Information provided:
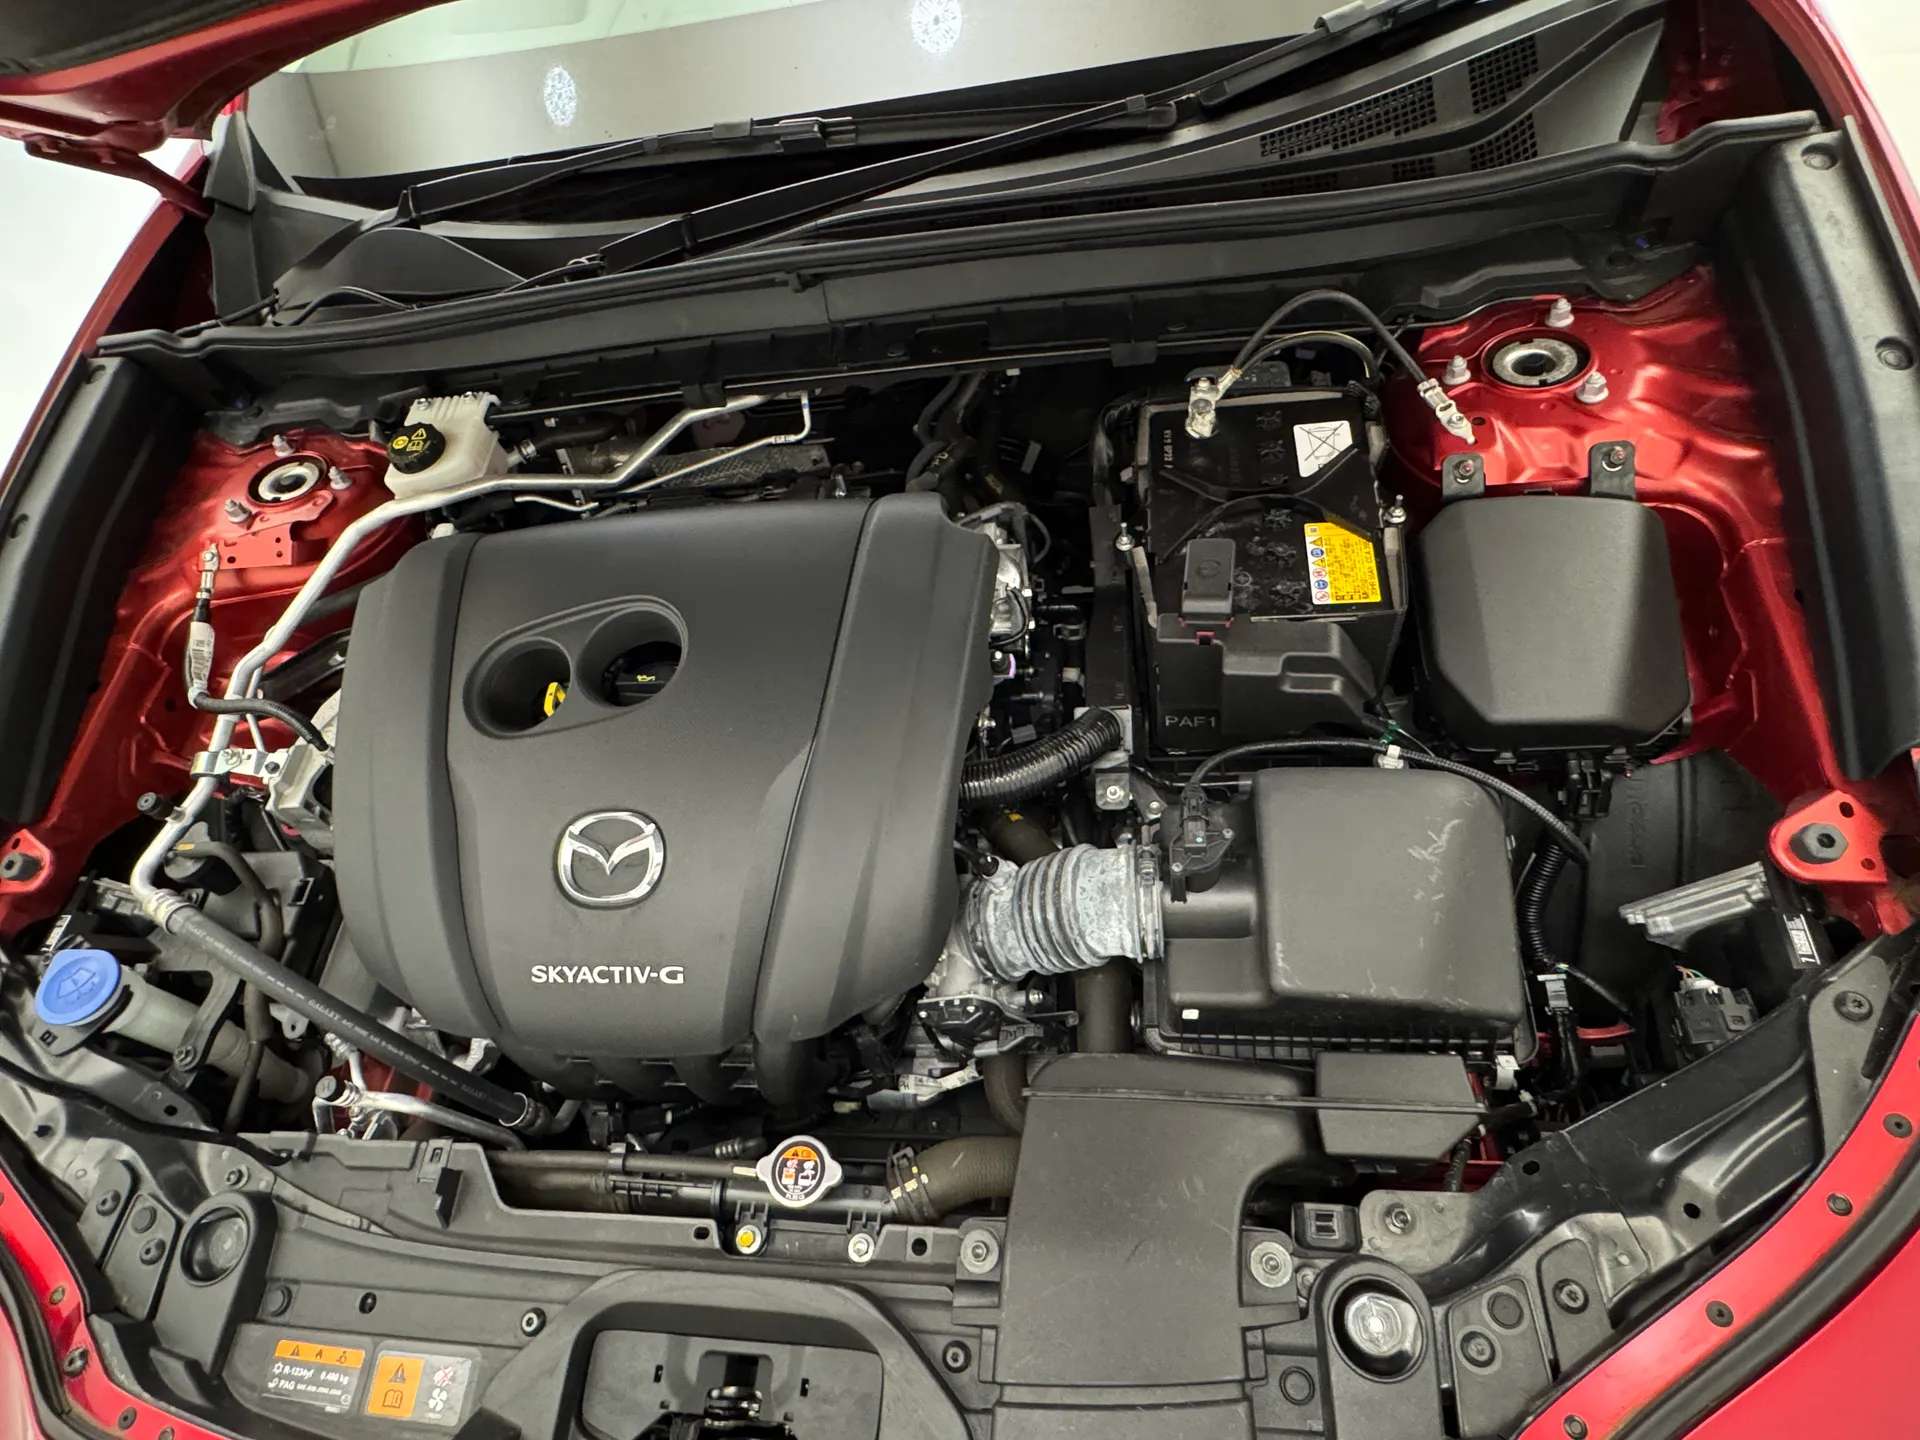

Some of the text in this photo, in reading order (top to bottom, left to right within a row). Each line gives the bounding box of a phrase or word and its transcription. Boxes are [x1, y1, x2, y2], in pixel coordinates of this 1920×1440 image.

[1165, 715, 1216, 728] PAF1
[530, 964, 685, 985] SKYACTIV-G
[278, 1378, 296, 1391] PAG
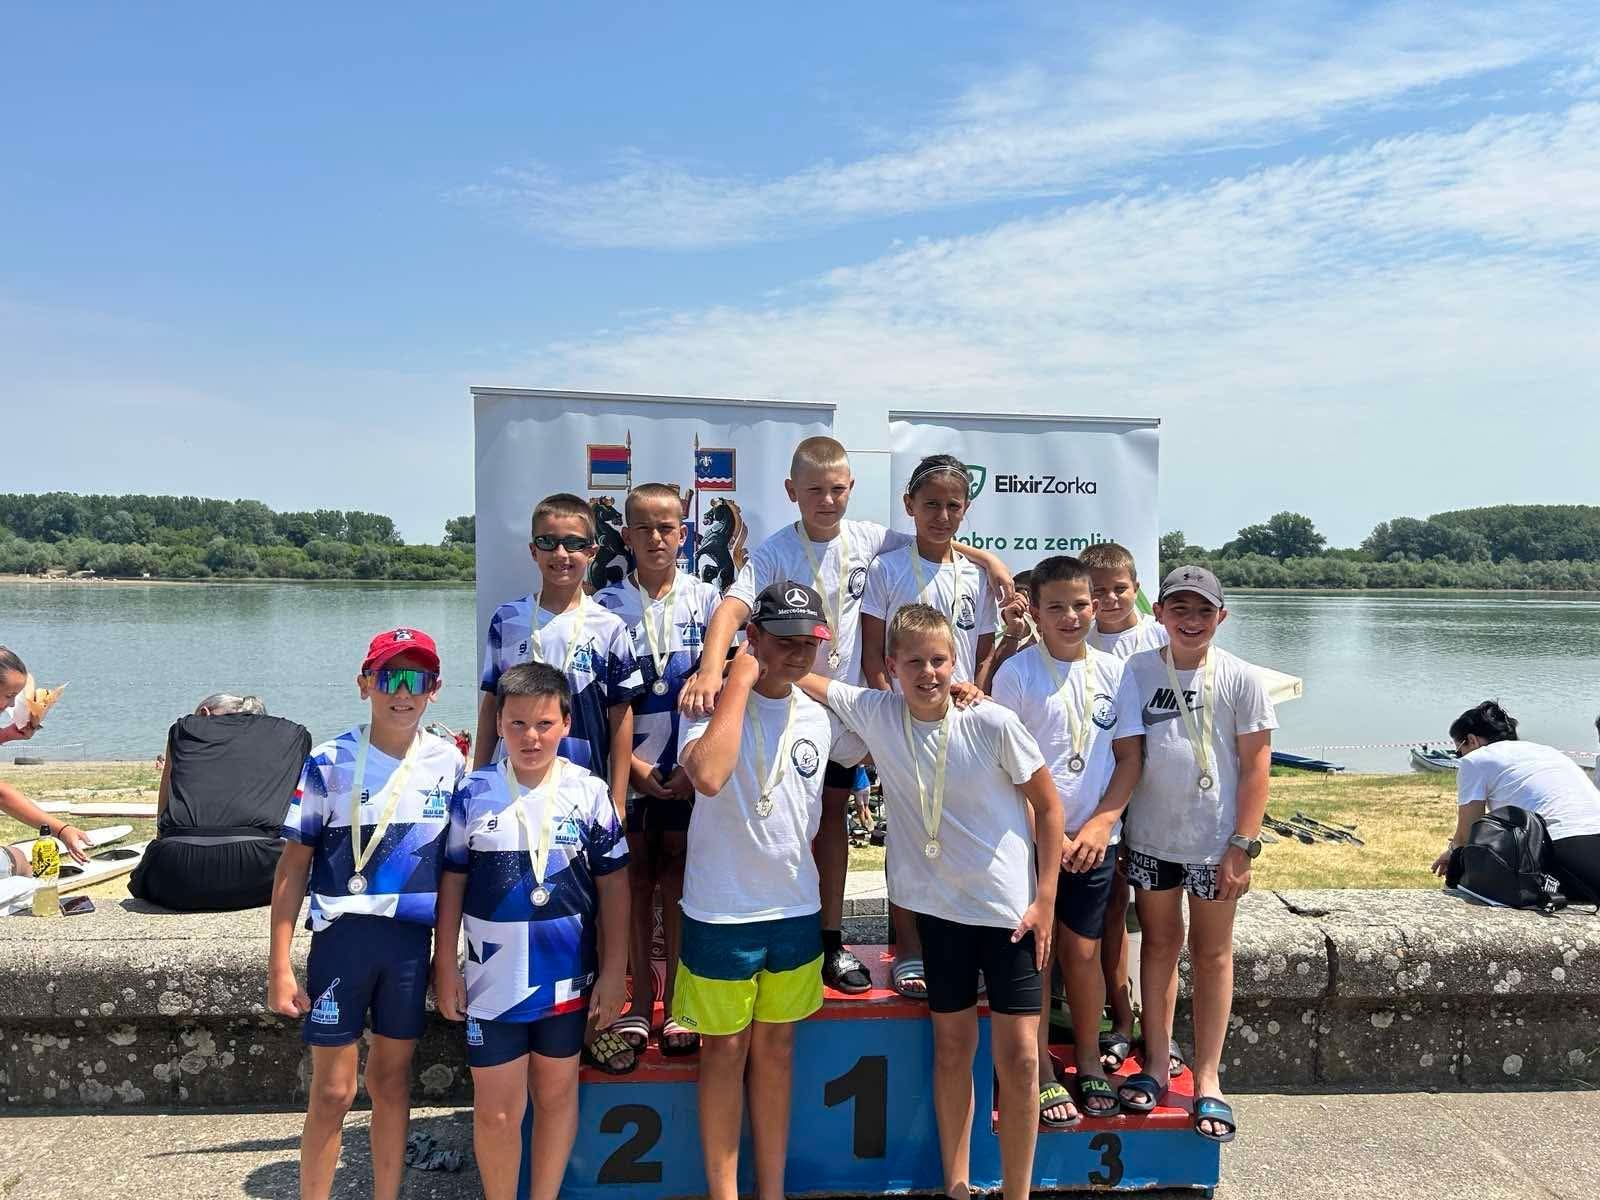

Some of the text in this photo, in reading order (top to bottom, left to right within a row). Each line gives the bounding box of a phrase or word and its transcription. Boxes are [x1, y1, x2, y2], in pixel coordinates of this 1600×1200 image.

Task brief: Where a picture appears in the data, omit it; restate the rest word for word.

Answer:
Some of the text in this photo, in reading order (top to bottom, left to right within a row). Each line gives the bounding box of a phrase or word and its transcription. Boxes are [x1, y1, x2, y2], in pixel coordinates of this 1920×1440 image.

[1165, 715, 1216, 728] PAF1
[530, 964, 685, 985] SKYACTIV-G
[278, 1378, 296, 1391] PAG

Some of the text in this photo, in reading order (top to bottom, left to right within a row). Each line gives the bounding box of a phrase or word and its transcription. Boxes are [x1, y1, x2, y2], in pixel coordinates of this 1600×1200 image.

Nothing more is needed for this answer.